= Beginning of Section =

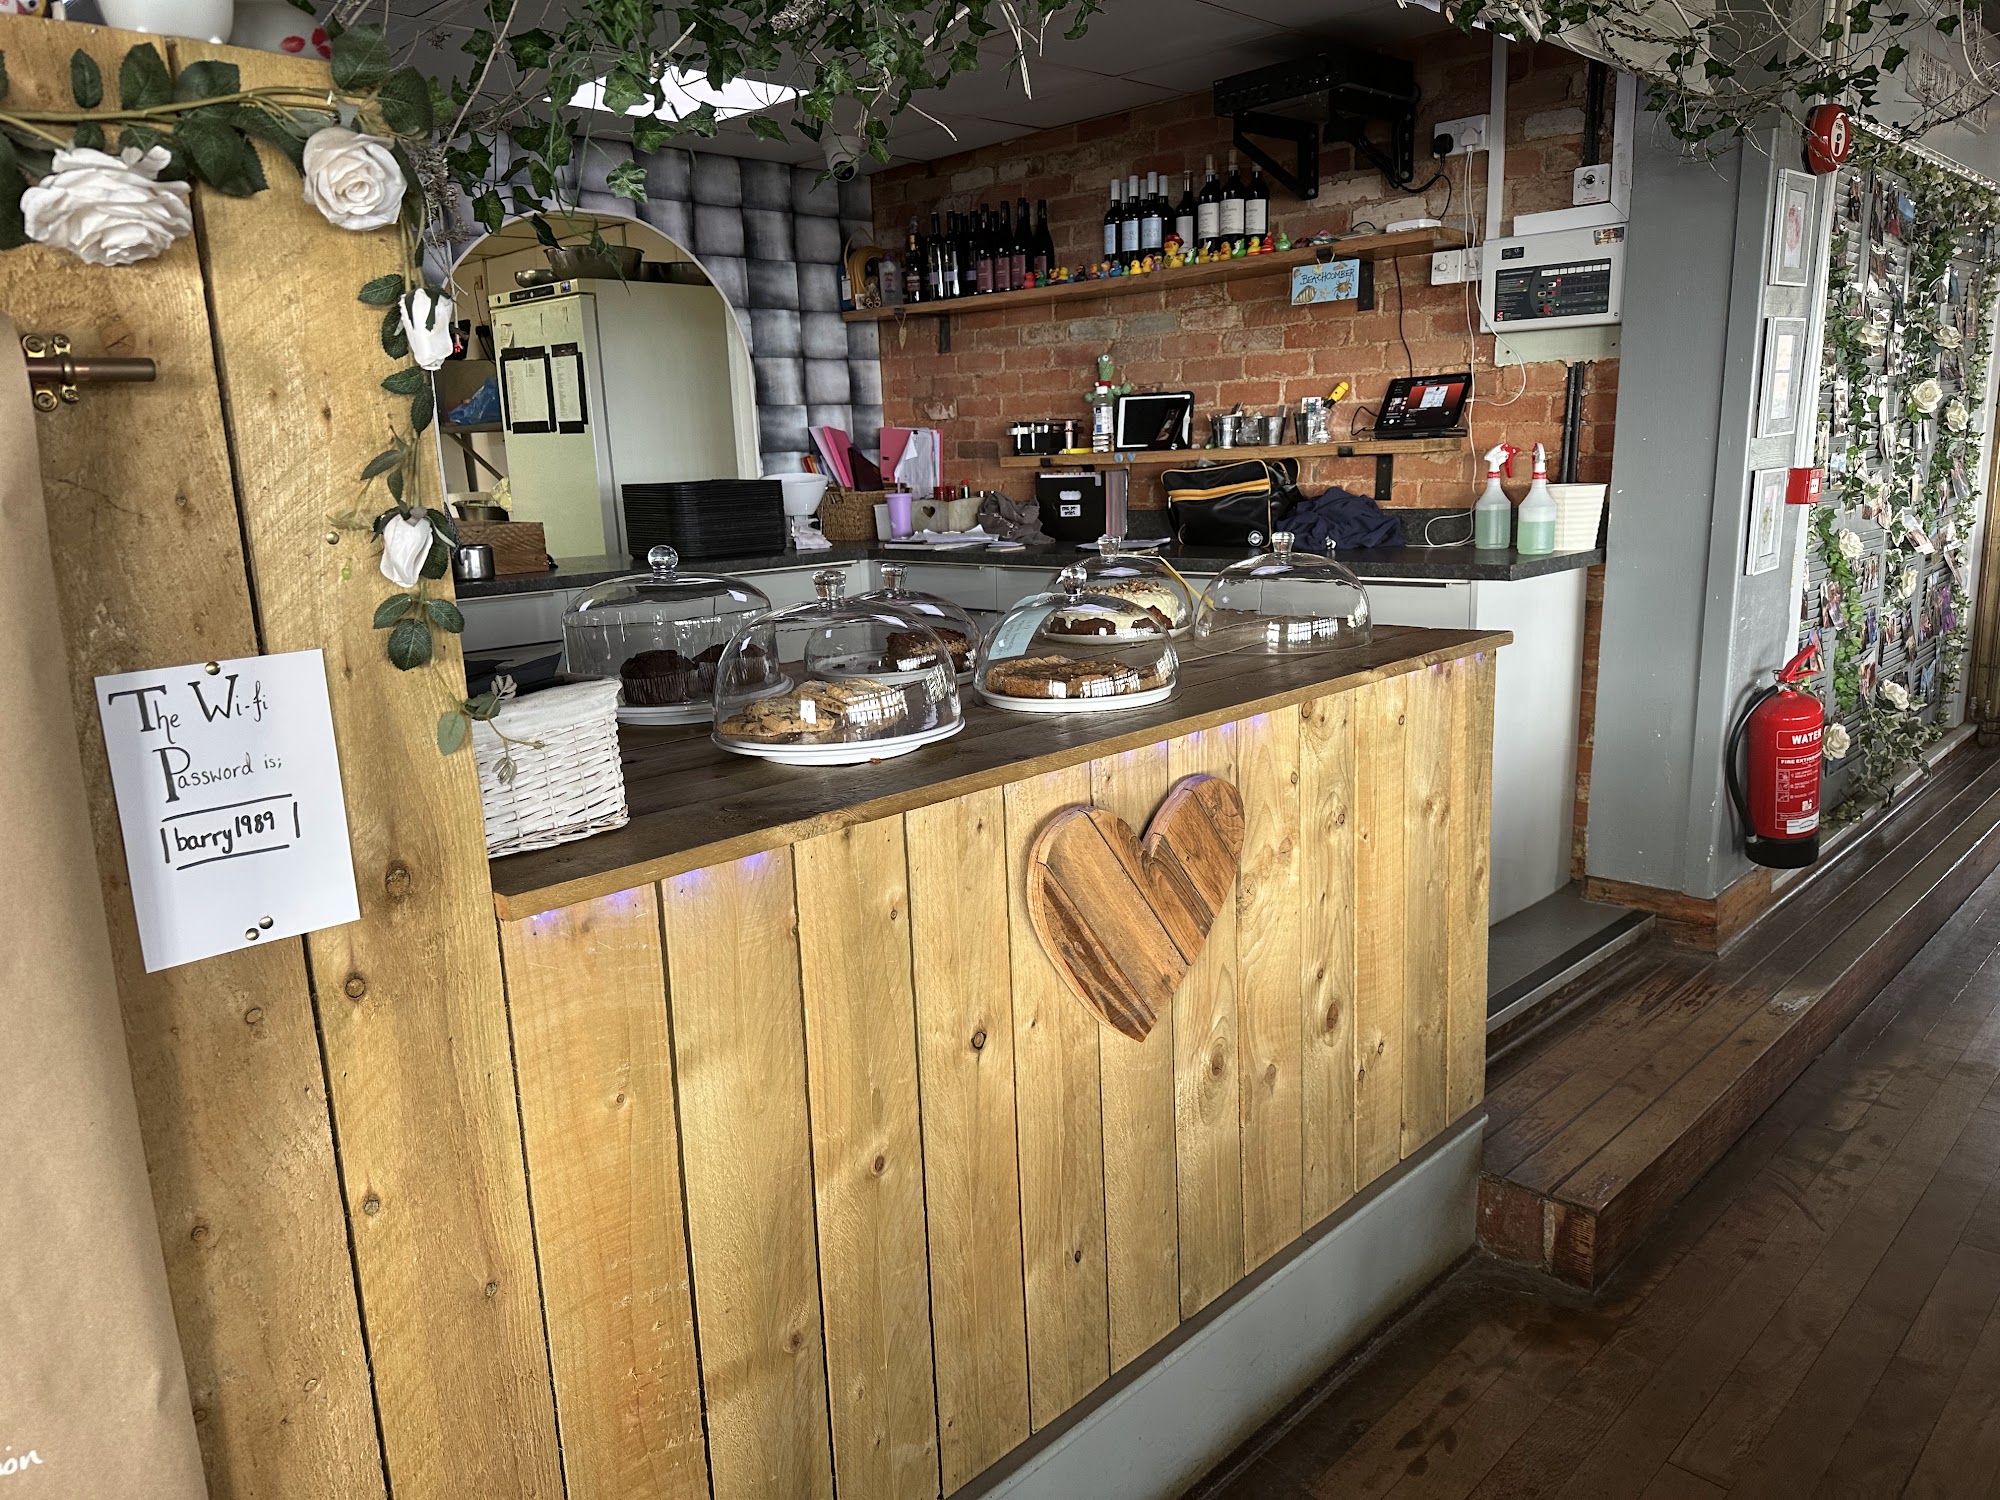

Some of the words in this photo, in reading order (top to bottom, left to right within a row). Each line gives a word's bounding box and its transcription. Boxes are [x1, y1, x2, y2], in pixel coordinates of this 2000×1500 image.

[108, 684, 181, 744] The
[188, 674, 269, 723] Wi-fi
[1792, 728, 1822, 745] WATER
[152, 746, 254, 804] Password
[175, 810, 275, 853] barry1989

= End of Section =

TASK DETAILS:
Reproduce the records above word for word, without the images.

WRITTEN RESPONSE:
Some of the words in this photo, in reading order (top to bottom, left to right within a row). Each line gives a word's bounding box and its transcription. Boxes are [x1, y1, x2, y2], in pixel coordinates of this 2000×1500 image.

[108, 684, 181, 744] The
[188, 674, 269, 723] Wi-fi
[1792, 728, 1822, 745] WATER
[152, 746, 254, 804] Password
[175, 810, 275, 853] barry1989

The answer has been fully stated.